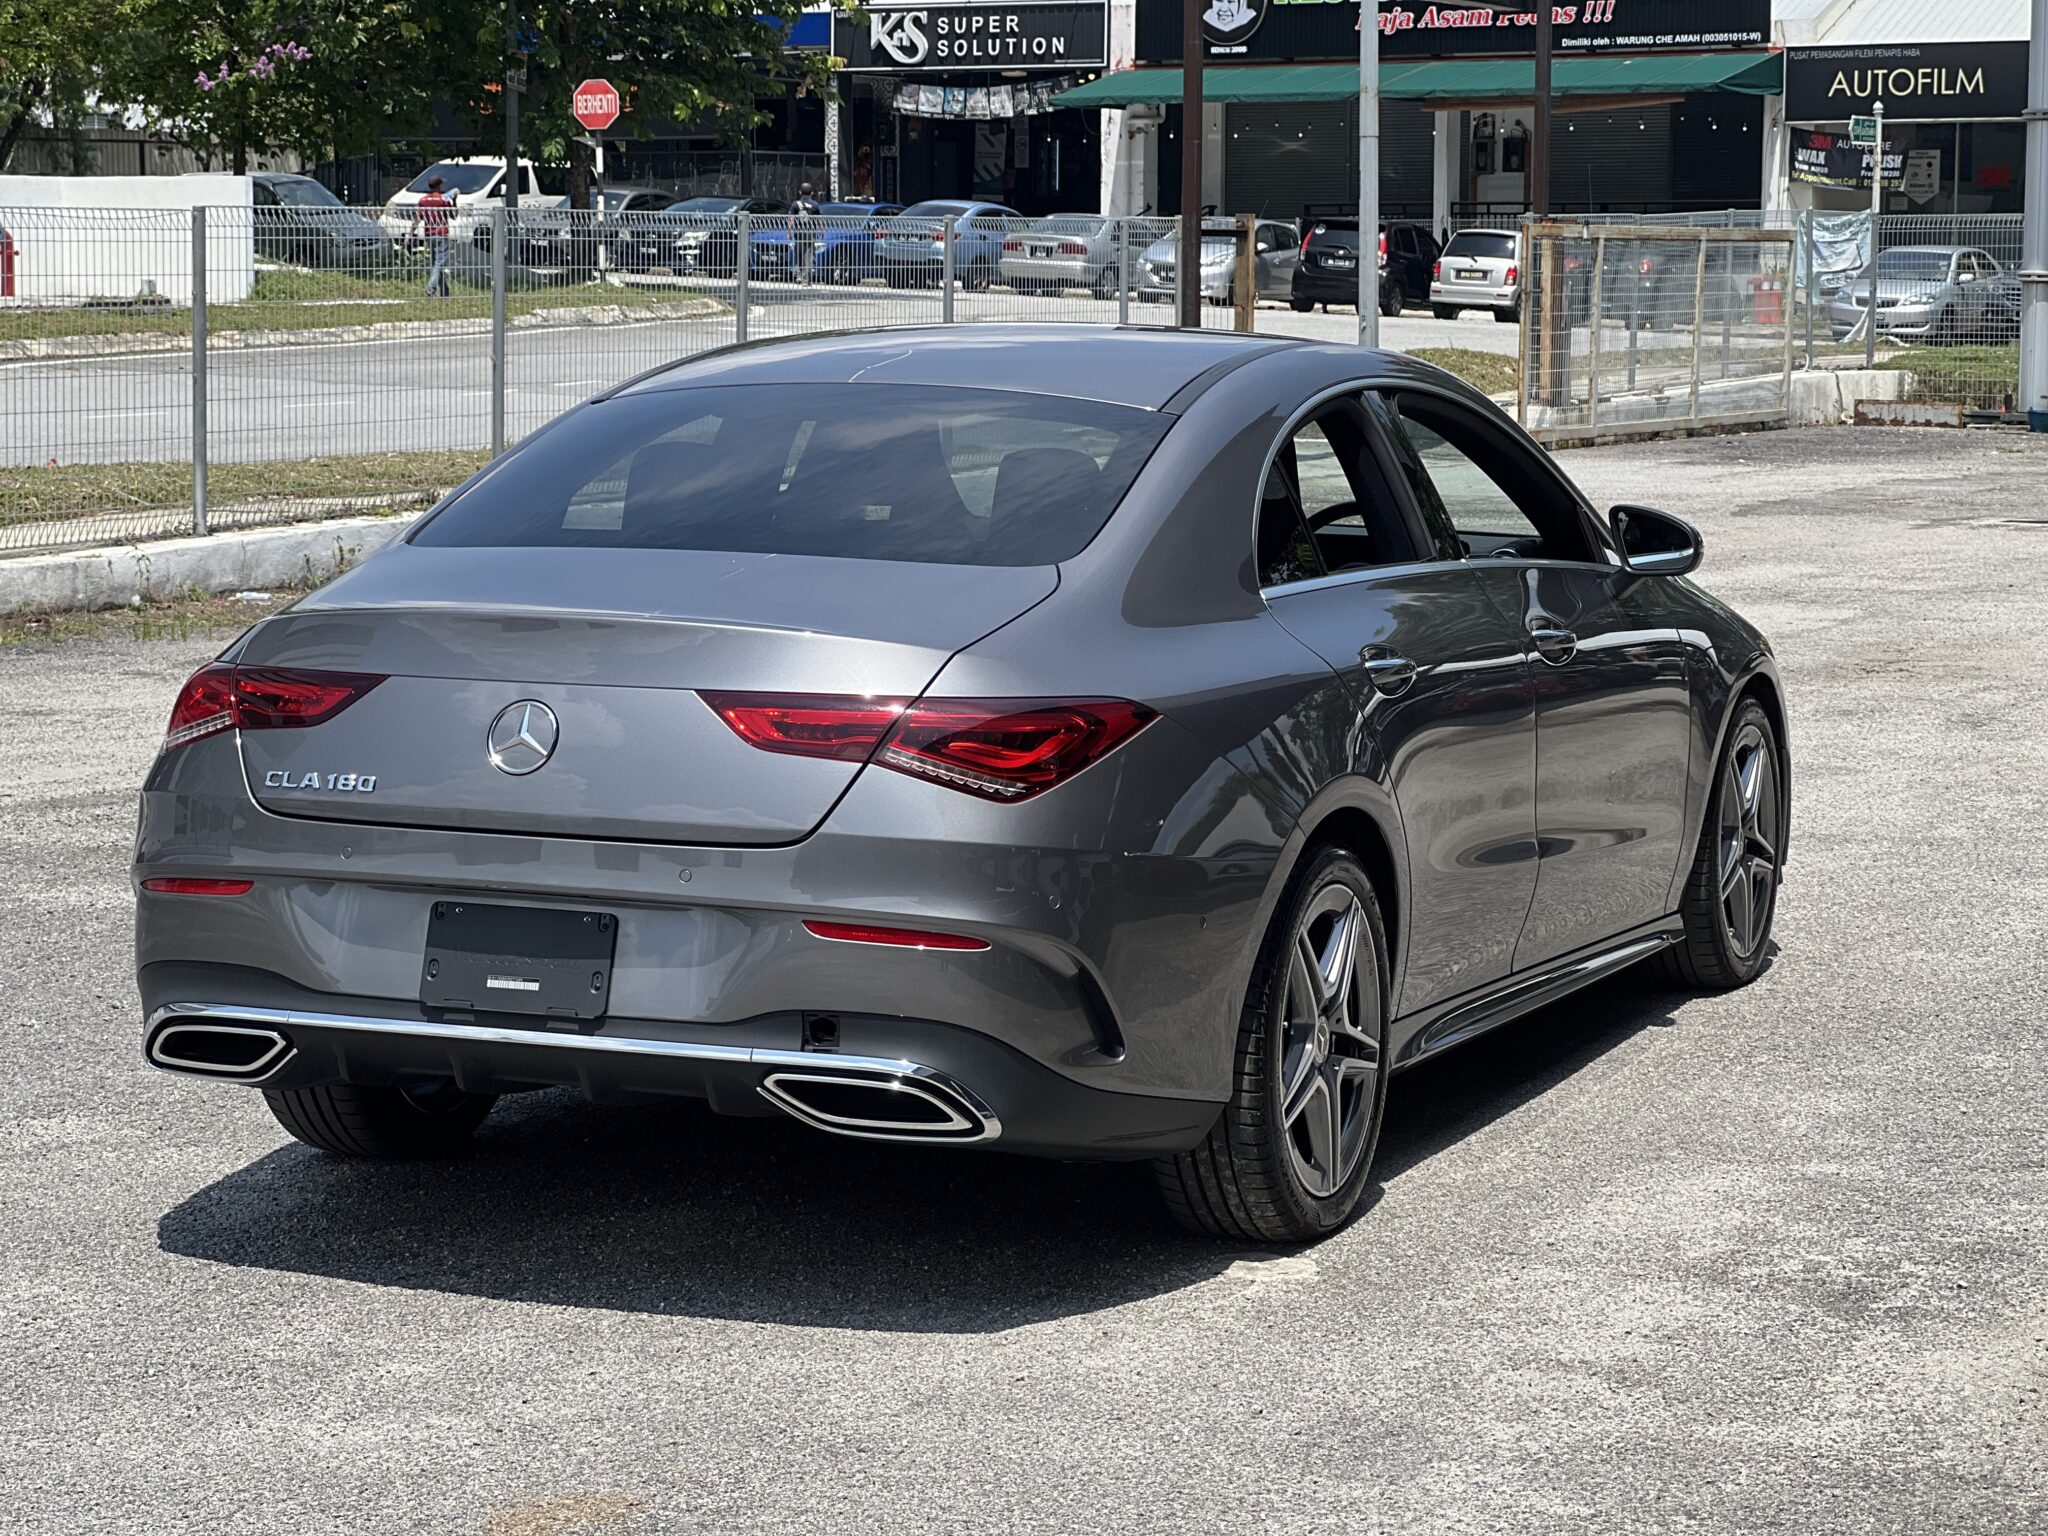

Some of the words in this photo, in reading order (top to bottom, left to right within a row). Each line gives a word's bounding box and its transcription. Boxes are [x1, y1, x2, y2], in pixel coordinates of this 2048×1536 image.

[937, 15, 1019, 34] SUPER
[1355, 6, 1414, 35] aja
[1417, 6, 1493, 28] Asam
[1582, 0, 1615, 23] !!!
[937, 37, 1065, 57] SOLUTION
[1562, 37, 1591, 47] Dimiliki
[1593, 36, 1610, 46] oleh
[1616, 35, 1654, 45] WARUNG
[1655, 34, 1673, 44] CHE
[1675, 33, 1700, 43] AMAH
[1701, 32, 1762, 43] (003051015-W)
[1789, 51, 1810, 60] PUSAT
[1810, 49, 1854, 59] PEMASANGAN
[1855, 49, 1873, 59] FILEM
[1874, 48, 1902, 58] PENAPIS
[1902, 48, 1920, 57] HABA
[1828, 67, 1985, 97] AUTOFILM
[577, 94, 616, 115] BERHENTI
[1809, 134, 1833, 149] 3M
[1797, 147, 1826, 165] WAX
[265, 770, 320, 789] CLA
[327, 773, 377, 792] 180
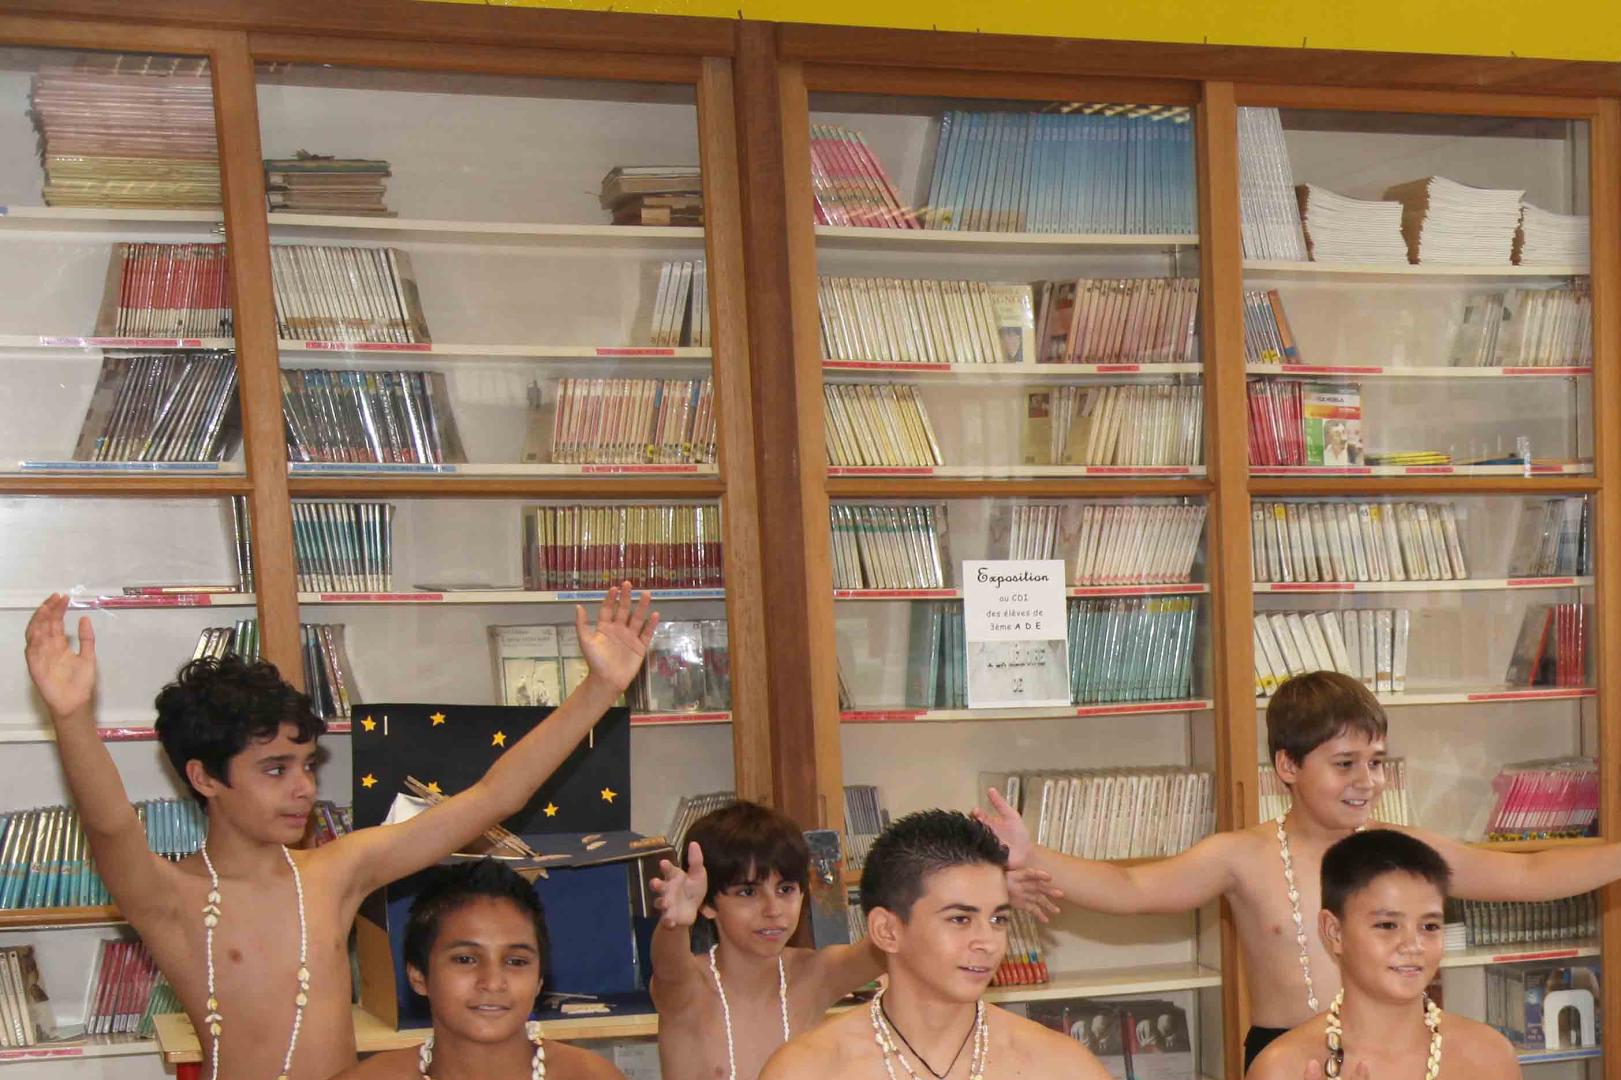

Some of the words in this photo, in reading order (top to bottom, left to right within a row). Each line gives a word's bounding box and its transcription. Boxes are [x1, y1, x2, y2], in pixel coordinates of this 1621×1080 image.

[977, 567, 1049, 589] Exposition
[1011, 593, 1029, 602] CDI
[986, 610, 1001, 618] des
[1032, 608, 1044, 617] de
[1025, 622, 1032, 630] D
[1035, 621, 1041, 630] E
____________
TASK PROMPT> Give every line above again exactly, with no pictures.

ANSWER TO THE PROBLEM>
Some of the words in this photo, in reading order (top to bottom, left to right within a row). Each line gives a word's bounding box and its transcription. Boxes are [x1, y1, x2, y2], in pixel coordinates of this 2048×1536 image.

[937, 15, 1019, 34] SUPER
[1355, 6, 1414, 35] aja
[1417, 6, 1493, 28] Asam
[1582, 0, 1615, 23] !!!
[937, 37, 1065, 57] SOLUTION
[1562, 37, 1591, 47] Dimiliki
[1593, 36, 1610, 46] oleh
[1616, 35, 1654, 45] WARUNG
[1655, 34, 1673, 44] CHE
[1675, 33, 1700, 43] AMAH
[1701, 32, 1762, 43] (003051015-W)
[1789, 51, 1810, 60] PUSAT
[1810, 49, 1854, 59] PEMASANGAN
[1855, 49, 1873, 59] FILEM
[1874, 48, 1902, 58] PENAPIS
[1902, 48, 1920, 57] HABA
[1828, 67, 1985, 97] AUTOFILM
[577, 94, 616, 115] BERHENTI
[1809, 134, 1833, 149] 3M
[1797, 147, 1826, 165] WAX
[265, 770, 320, 789] CLA
[327, 773, 377, 792] 180

Some of the words in this photo, in reading order (top to bottom, left to right within a row). Each line gives a word's bounding box and its transcription. Boxes are [x1, y1, x2, y2], in pixel coordinates of this 1621×1080 image.

[977, 567, 1049, 589] Exposition
[1011, 593, 1029, 602] CDI
[986, 610, 1001, 618] des
[1032, 608, 1044, 617] de
[1025, 622, 1032, 630] D
[1035, 621, 1041, 630] E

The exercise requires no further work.